La obra civil demandó un complejo despliegue logístico y operativo para unir un trazado de 24 pulgadas de diámetro que vincula la zona de Puesto Hernández, en Neuquén, con las instalaciones de Allen, en Río Negro. De acuerdo con las especificaciones técnicas del consorcio a cargo del tendido, el nuevo oleoducto agregará 35.000 metros cúbicos diarios de capacidad de evacuación al sistema troncal actual. Esto permitirá elevar el transporte global del área desde los 20.400 actuales hasta alcanzar un tope regulado de 55.400 metros cúbicos por jornada.
El cumplimiento del cronograma contractual representó un alivio para las compañías petroleras que operan en los bloques septentrionales del yacimiento, cuya producción física ya rozaba el techo de la infraestructura disponible. La escasez de espacio en las tuberías existentes se había consolidado como el principal limitante para la expansión de los pozos ya perforados y conectados. El ducto garantizará el transporte continuo del crudo extraído hacia los nodos logísticos que alimentan a las principales destilerías locales y a las terminales portuarias de embarque de ultramar.

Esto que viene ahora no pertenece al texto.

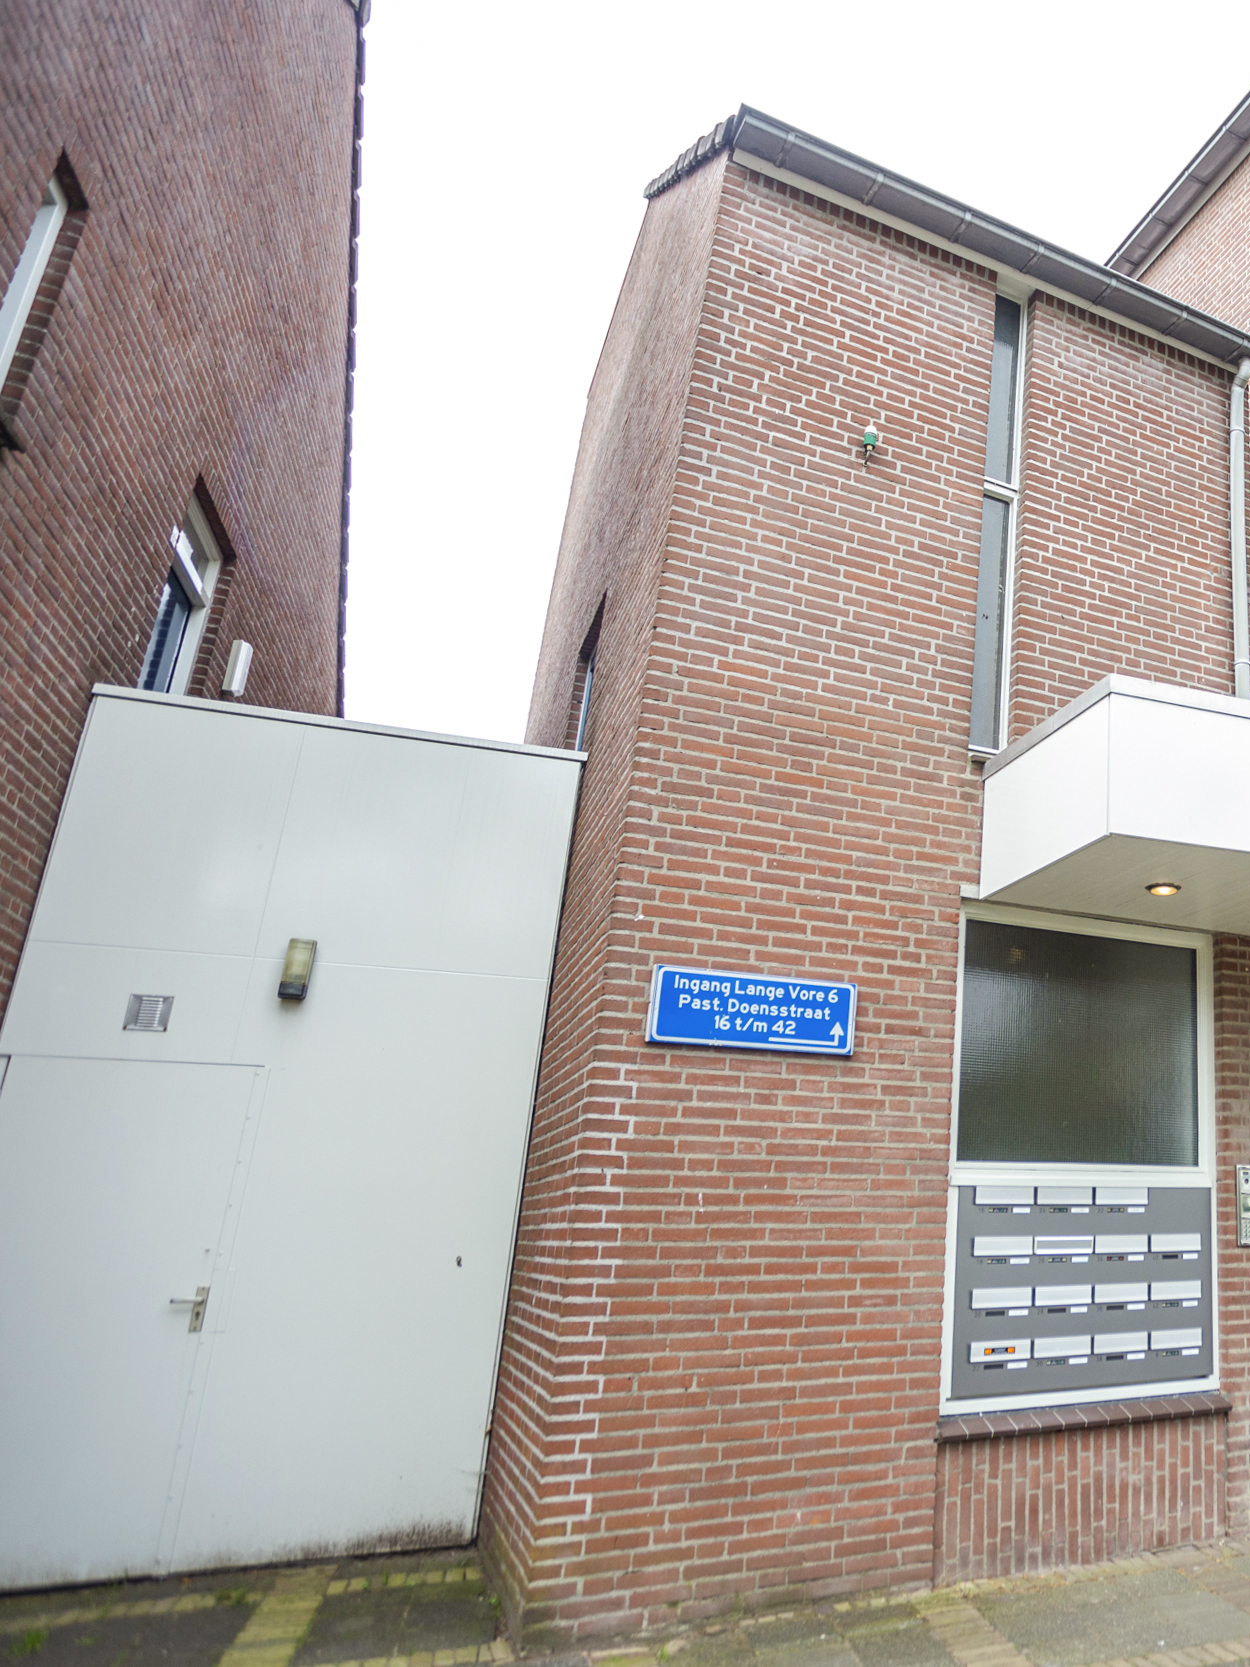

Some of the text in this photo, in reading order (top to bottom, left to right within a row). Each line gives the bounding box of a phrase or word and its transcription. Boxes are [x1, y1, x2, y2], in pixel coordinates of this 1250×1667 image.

[674, 974, 839, 1004] Ingang Lange Vore 6
[678, 994, 831, 1021] Past. Doensstraat
[714, 1015, 796, 1035] 16 t/m 42
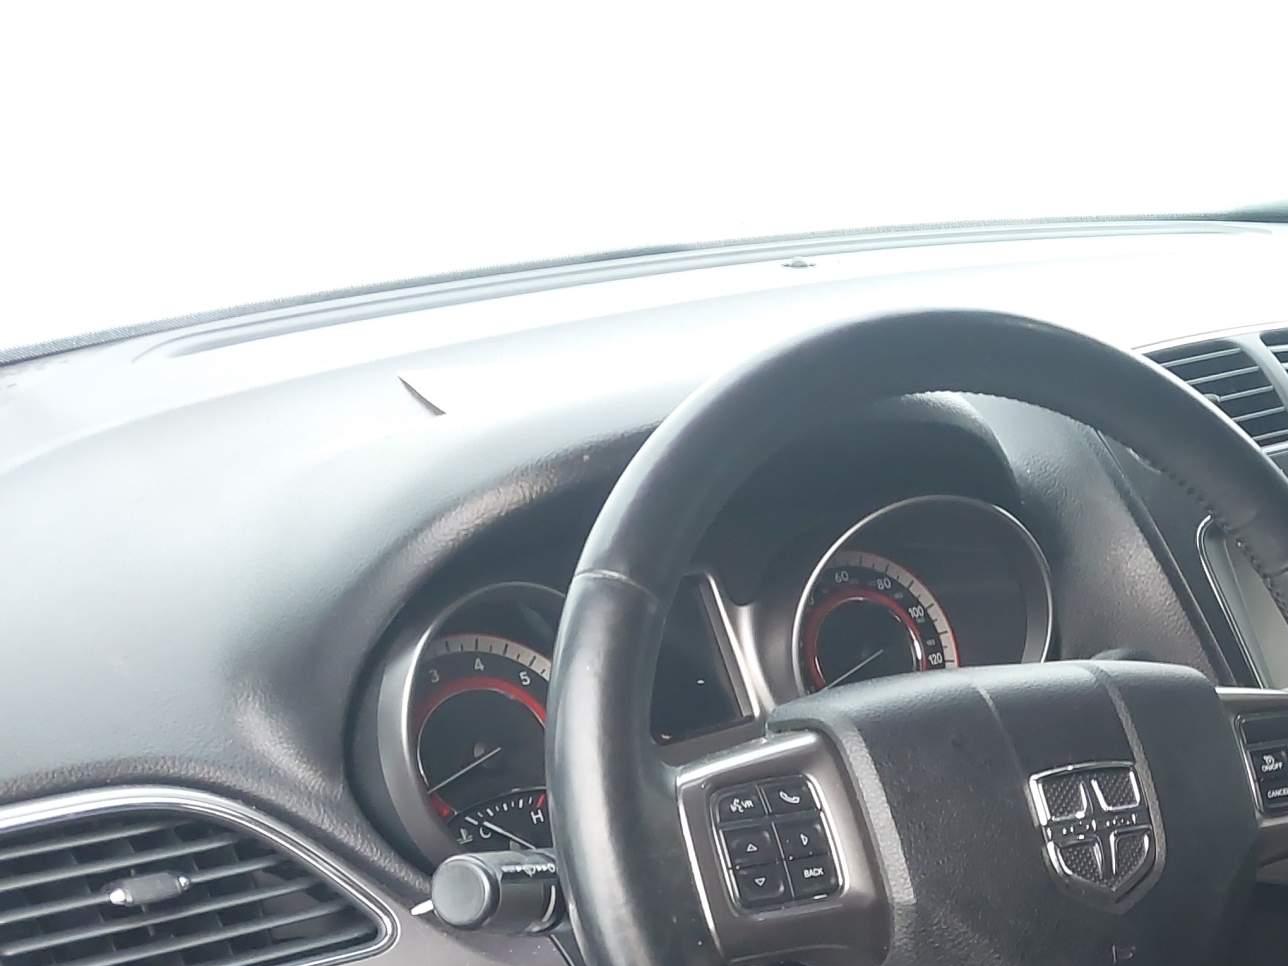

La ejecución del tendido movilizó una masiva estructura de operarios y maquinaria pesada, alcanzando un pico de contratación directa simultánea cercano a los 850 profesionales dedicados a la traza. Para acelerar los tiempos en el terreno, se implementó una combinación de sistemas que incluyó plantas fijas de doble junta y equipos de soldadura semiautomática en el frente de obra. En total se completaron 17.250 uniones soldadas a lo largo del recorrido, requiriendo superar más de 70 cruces especiales sobre arroyos, rutas e infraestructuras preexistentes en las provincias patagónicas.
El avance de Duplicar Norte se acopla a un conjunto de obras de infraestructura energética de gran envergadura financiadas por el sector privado que transformarán el perfil comercial del país durante el próximo año. El salto exportador proyectado por la industria hidrocarburífera apunta a posicionar a la Argentina como un proveedor de crudo confiable con miras a despachar un millón de barriles diarios para el final de la década. La ampliación de los sistemas de transporte de petróleo resulta clave para sostener la balanza comercial superavitaria y generar un ingreso permanente de divisas.
Los consultores del sector energético estiman que la finalización de los trabajos estructurales en los plazos previstos permitirá mitigar las restricciones operativas que caracterizaron el último tramo de la actividad hidrocarburífera regional. La atención de las operadoras se vuelca ahora hacia la finalización de las plantas de bombeo adicionales y la integración final a la red troncal de transporte. El éxito del plan productivo de Vaca Muerta dependerá exclusivamente de la puesta en marcha efectiva de este y otros tendidos complementarios que agilicen la salida hacia el Océano Atlántico.